Potrei chiedere un finanziamento in banca per giovani ragazze in attesa, col tasso fisso magari. Magari. Ho visto dei corredini orribili al centro commerciale, pieni di swarowski e merletti.
Sarò una madre di merda.
Non sono ancora riuscita a far capire a Zenzero che non si fa la pipì sui tappeti, come potrò essere credibile con un bambino umano? Come potrò convincerlo a non sbronzarsi di notte, e poi mettersi alla guida? Come potrò dirgli in maniera convincente che la cocaina non è così bella come dicono? E che le gonne corte, se è possibile, fra un paio di anni ancora.
Potrei riprendere a lavorare da casa, tutto sommato. E a Gabriele come lo dico? Aspetto che torna a casa o glielo scrivo su Whatsapp? Gli allego una foto del test?
E ai miei come lo dico? Facciamo una chiamata Skype con effetto sorpresa oppure anticipo per telefono e poi si festeggia su Skype?
E se non avessero alcuna voglia di festeggiare? Possono anche restarci male, in fondo.
Dovrei avere ancora tutti i miei vecchi jeans taglia 50 nell'armadio, potrei usare quelli.

Cinque minuti dopo, la linea è solo una.
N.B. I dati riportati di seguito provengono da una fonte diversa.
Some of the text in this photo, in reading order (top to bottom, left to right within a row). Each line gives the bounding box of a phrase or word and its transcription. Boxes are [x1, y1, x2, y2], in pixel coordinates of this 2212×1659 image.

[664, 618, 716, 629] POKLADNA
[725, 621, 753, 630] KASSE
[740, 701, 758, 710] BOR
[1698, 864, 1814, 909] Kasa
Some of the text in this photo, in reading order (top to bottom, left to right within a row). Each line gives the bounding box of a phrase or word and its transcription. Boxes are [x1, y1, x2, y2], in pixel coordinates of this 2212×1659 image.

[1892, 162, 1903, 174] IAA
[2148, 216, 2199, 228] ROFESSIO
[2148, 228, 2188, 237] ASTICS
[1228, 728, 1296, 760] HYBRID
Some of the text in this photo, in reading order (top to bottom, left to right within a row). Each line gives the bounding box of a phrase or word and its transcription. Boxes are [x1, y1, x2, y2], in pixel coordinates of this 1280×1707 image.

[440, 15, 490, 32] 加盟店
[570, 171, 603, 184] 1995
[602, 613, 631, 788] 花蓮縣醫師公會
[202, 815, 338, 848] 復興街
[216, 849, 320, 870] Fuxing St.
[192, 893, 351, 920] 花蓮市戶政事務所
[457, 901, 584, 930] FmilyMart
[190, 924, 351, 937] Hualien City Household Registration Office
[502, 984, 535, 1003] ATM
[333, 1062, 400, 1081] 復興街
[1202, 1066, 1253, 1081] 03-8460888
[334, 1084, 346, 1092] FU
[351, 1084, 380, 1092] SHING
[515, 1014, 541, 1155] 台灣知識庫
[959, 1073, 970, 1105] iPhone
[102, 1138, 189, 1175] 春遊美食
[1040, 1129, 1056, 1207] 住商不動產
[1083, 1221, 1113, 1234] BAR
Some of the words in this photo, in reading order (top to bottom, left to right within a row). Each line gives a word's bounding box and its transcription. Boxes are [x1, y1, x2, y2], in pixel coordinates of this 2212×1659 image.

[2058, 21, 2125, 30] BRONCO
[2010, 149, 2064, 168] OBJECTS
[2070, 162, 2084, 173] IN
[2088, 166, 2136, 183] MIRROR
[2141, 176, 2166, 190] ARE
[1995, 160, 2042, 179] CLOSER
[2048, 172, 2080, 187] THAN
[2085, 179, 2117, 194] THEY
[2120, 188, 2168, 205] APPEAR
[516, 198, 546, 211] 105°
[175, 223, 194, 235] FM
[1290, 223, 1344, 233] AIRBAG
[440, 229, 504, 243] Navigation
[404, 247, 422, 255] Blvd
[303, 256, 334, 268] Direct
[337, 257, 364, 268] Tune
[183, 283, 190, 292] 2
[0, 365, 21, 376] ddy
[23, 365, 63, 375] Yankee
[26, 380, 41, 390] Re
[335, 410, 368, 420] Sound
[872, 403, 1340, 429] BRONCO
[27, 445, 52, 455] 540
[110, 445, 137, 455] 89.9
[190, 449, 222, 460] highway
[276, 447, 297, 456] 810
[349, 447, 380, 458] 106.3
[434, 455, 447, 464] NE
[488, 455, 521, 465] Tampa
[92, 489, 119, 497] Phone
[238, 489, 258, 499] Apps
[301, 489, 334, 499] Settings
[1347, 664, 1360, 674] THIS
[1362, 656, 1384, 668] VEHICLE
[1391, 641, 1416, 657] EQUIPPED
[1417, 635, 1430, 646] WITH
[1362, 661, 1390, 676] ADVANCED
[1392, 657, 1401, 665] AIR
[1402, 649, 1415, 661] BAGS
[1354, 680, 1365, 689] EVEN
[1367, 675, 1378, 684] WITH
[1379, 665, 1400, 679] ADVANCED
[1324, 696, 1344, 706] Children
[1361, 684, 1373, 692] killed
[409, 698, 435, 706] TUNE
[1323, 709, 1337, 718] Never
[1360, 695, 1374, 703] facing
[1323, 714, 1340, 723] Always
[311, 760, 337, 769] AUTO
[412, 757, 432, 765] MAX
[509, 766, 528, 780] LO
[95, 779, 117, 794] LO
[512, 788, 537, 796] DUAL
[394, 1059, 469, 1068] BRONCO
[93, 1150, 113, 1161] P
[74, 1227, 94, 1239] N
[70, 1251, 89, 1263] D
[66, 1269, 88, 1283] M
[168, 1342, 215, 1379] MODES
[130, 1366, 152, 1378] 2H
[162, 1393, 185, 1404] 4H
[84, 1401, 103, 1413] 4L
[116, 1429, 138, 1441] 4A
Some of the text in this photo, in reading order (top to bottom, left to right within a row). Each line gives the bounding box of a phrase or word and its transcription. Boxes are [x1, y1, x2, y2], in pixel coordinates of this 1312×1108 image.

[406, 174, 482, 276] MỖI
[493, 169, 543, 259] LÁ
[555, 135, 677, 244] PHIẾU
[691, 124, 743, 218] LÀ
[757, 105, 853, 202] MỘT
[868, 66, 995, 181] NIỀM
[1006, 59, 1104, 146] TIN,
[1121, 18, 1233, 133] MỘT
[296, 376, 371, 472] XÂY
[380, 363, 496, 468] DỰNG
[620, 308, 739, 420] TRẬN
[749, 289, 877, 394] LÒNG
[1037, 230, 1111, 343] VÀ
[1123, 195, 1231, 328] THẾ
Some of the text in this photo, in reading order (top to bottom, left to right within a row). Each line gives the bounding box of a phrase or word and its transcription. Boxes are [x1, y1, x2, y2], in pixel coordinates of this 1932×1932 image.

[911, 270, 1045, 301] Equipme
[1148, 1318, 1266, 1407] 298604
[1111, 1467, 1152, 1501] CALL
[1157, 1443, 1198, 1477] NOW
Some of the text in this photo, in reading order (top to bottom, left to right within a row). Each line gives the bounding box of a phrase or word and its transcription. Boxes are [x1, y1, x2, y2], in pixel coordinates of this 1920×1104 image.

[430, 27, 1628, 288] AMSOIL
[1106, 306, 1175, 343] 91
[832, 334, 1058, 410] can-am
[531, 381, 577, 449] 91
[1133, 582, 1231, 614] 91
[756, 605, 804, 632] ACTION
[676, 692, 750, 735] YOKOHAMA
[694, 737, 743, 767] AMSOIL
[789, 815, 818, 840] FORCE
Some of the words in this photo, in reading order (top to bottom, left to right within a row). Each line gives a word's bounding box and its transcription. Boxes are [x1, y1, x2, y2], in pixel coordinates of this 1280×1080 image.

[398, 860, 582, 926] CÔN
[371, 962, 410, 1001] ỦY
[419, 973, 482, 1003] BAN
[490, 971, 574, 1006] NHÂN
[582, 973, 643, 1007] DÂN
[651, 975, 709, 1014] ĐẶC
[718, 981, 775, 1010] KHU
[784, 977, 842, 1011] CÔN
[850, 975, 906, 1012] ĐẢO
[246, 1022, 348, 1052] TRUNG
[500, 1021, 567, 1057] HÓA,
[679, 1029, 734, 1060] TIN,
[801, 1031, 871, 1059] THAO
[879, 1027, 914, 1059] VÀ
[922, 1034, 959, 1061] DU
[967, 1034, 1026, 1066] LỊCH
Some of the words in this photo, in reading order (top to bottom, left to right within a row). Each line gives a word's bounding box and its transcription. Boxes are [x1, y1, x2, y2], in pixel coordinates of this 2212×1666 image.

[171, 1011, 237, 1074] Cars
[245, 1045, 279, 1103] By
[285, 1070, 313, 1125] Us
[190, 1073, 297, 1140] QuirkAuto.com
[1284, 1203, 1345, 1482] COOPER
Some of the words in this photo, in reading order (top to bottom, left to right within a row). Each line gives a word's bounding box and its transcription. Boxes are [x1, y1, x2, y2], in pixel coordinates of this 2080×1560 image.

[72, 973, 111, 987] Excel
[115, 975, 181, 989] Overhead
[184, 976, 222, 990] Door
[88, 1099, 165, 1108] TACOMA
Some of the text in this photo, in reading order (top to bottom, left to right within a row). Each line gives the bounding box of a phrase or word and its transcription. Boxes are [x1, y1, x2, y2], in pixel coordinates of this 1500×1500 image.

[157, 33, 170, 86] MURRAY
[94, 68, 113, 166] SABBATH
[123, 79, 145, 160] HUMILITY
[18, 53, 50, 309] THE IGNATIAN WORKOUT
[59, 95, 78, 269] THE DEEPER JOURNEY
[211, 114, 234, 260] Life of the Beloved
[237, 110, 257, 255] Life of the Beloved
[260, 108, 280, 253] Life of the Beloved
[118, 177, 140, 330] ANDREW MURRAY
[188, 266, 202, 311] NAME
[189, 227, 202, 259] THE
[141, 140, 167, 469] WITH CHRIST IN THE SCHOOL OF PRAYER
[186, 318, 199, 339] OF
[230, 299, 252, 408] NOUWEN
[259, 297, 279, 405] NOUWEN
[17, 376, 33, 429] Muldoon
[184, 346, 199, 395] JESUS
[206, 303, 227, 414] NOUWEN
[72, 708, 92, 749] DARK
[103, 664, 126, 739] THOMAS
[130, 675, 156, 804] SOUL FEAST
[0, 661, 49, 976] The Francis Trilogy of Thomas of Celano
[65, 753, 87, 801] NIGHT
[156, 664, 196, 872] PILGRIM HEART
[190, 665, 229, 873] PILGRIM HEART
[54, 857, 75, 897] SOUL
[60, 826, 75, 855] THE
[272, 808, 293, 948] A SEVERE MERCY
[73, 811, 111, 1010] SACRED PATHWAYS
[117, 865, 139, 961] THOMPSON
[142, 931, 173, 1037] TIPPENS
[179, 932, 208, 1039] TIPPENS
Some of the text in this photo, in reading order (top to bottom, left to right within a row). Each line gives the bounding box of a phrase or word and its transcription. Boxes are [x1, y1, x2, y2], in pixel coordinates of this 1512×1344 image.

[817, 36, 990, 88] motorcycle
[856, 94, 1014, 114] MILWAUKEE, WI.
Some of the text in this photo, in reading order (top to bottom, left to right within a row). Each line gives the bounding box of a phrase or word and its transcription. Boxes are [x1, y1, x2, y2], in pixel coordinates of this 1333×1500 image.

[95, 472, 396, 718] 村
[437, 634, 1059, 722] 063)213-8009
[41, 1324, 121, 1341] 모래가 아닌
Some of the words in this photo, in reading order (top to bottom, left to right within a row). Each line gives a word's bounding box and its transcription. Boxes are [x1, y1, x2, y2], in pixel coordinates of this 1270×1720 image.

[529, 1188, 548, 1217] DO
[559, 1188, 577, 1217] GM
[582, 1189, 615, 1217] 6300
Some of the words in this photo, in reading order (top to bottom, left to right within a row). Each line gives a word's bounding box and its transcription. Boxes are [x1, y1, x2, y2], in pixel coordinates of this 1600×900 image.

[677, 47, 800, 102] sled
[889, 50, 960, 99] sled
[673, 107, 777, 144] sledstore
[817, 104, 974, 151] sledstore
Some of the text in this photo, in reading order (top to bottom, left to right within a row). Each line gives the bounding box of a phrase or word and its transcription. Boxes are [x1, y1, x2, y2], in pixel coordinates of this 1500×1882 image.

E' negativo.
Negativo e sì, anche per questo mese possiamo lavorare e produrre, e non riprenderò i dieci chili persi almeno per il momento. Cestiniamolo questo dubbio, rinunciamo a questo sogno che avrebbe potuto essere e non è stato. Purtroppo o per fortuna. Rimandiamolo a quando non sarebbe confusione ma gioia, sicurezza e non precarietà. Ma se solo fosse stato, se fosse stato positivo, avrei toccato il cielo, perchè la seconda linea è amore puro, amore immenso, amore che neanche immagino.
Non era il nostro momento, e forse è meglio così.

sabato 5 novembre 2016

Tre mesi dopo.

Molti di voi sono arrivati in questo blog per leggere di cibo.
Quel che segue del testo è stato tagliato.